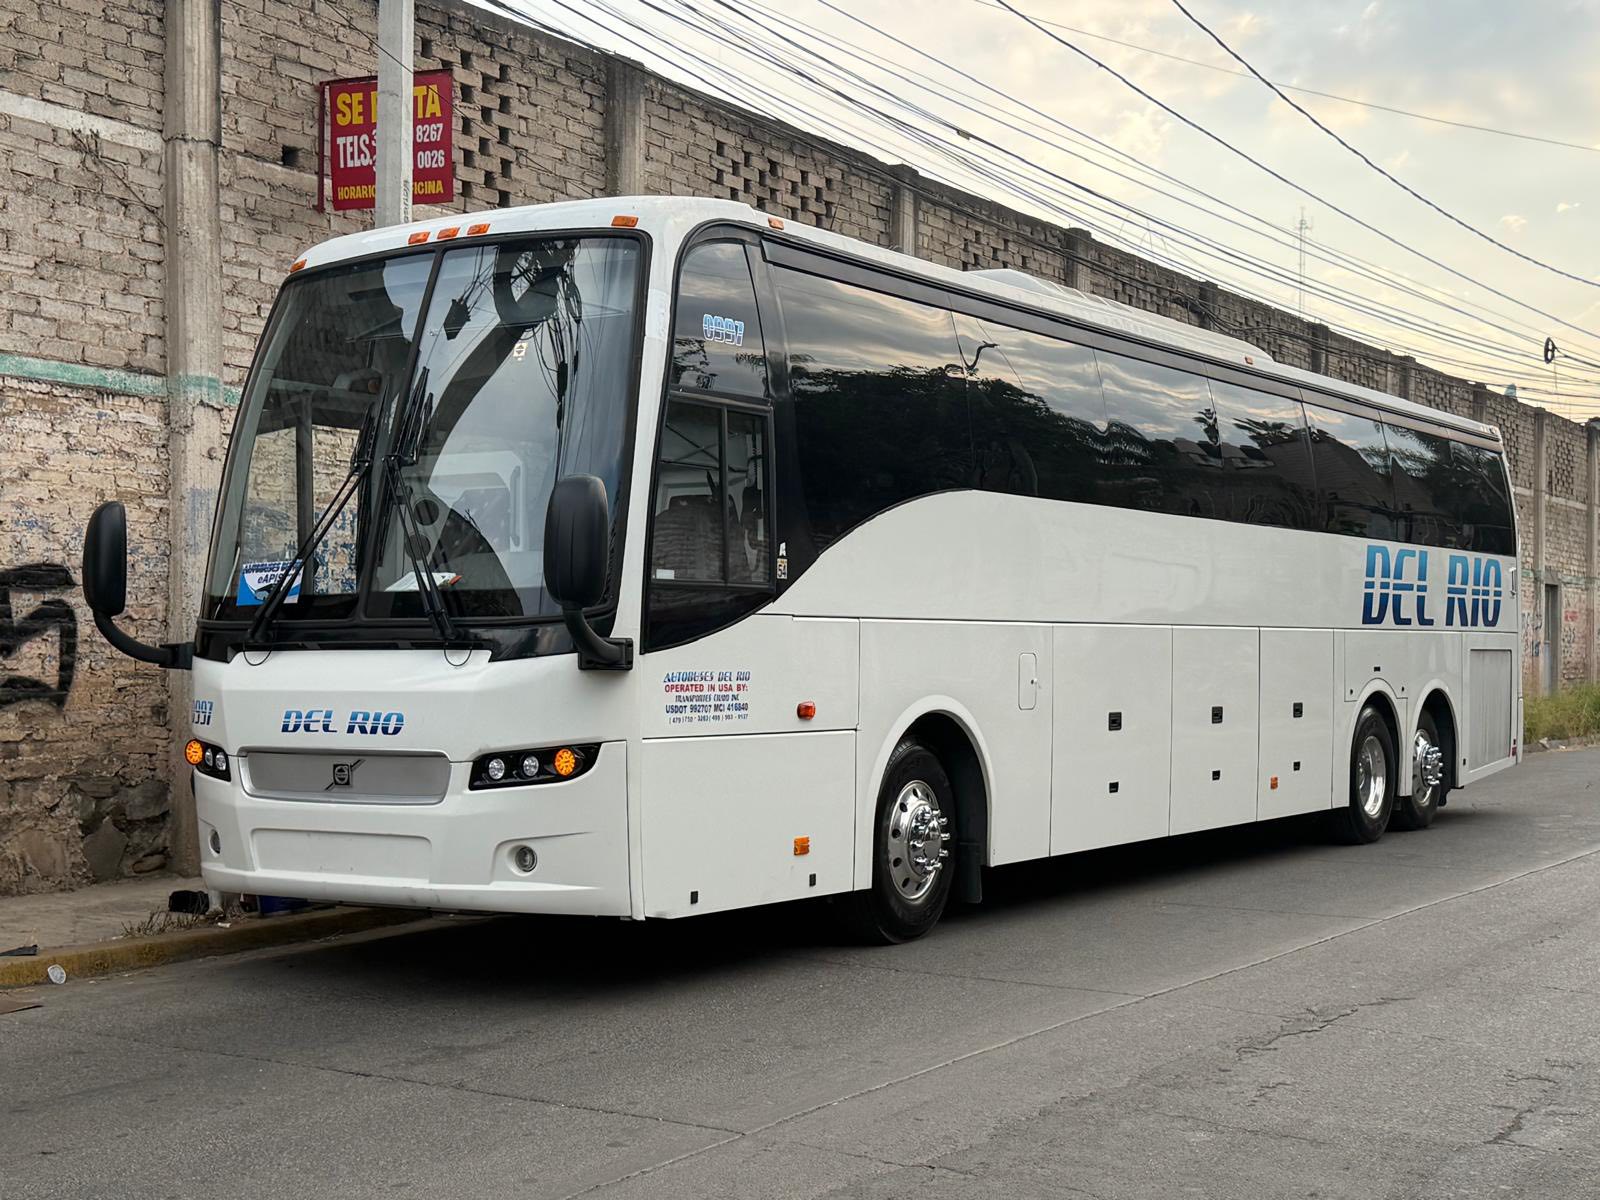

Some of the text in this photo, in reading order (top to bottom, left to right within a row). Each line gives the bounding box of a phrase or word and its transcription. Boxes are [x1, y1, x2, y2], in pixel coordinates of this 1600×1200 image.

[336, 92, 363, 126] SE
[416, 123, 443, 142] 8267
[336, 134, 373, 168] TELS.
[417, 150, 445, 168] 0026
[412, 180, 444, 195] ICINA
[703, 314, 744, 347] 0997
[1362, 545, 1502, 627] DEL RIO
[663, 671, 751, 683] AUTOBUSES DEL RIO
[664, 683, 749, 693] OPERATED IN USA BY:
[665, 705, 687, 713] USDOT
[281, 710, 404, 735] DEL RIO

______________________________

* [EXERCISE]
Taking each record in turn, retype it exactly and drop any picture.

* [ANSWER SECTION]
Some of the text in this photo, in reading order (top to bottom, left to right within a row). Each line gives the bounding box of a phrase or word and its transcription. Boxes are [x1, y1, x2, y2], in pixel coordinates of this 1600×1200 image.

[336, 92, 363, 126] SE
[416, 123, 443, 142] 8267
[336, 134, 373, 168] TELS.
[417, 150, 445, 168] 0026
[412, 180, 444, 195] ICINA
[703, 314, 744, 347] 0997
[1362, 545, 1502, 627] DEL RIO
[663, 671, 751, 683] AUTOBUSES DEL RIO
[664, 683, 749, 693] OPERATED IN USA BY:
[665, 705, 687, 713] USDOT
[281, 710, 404, 735] DEL RIO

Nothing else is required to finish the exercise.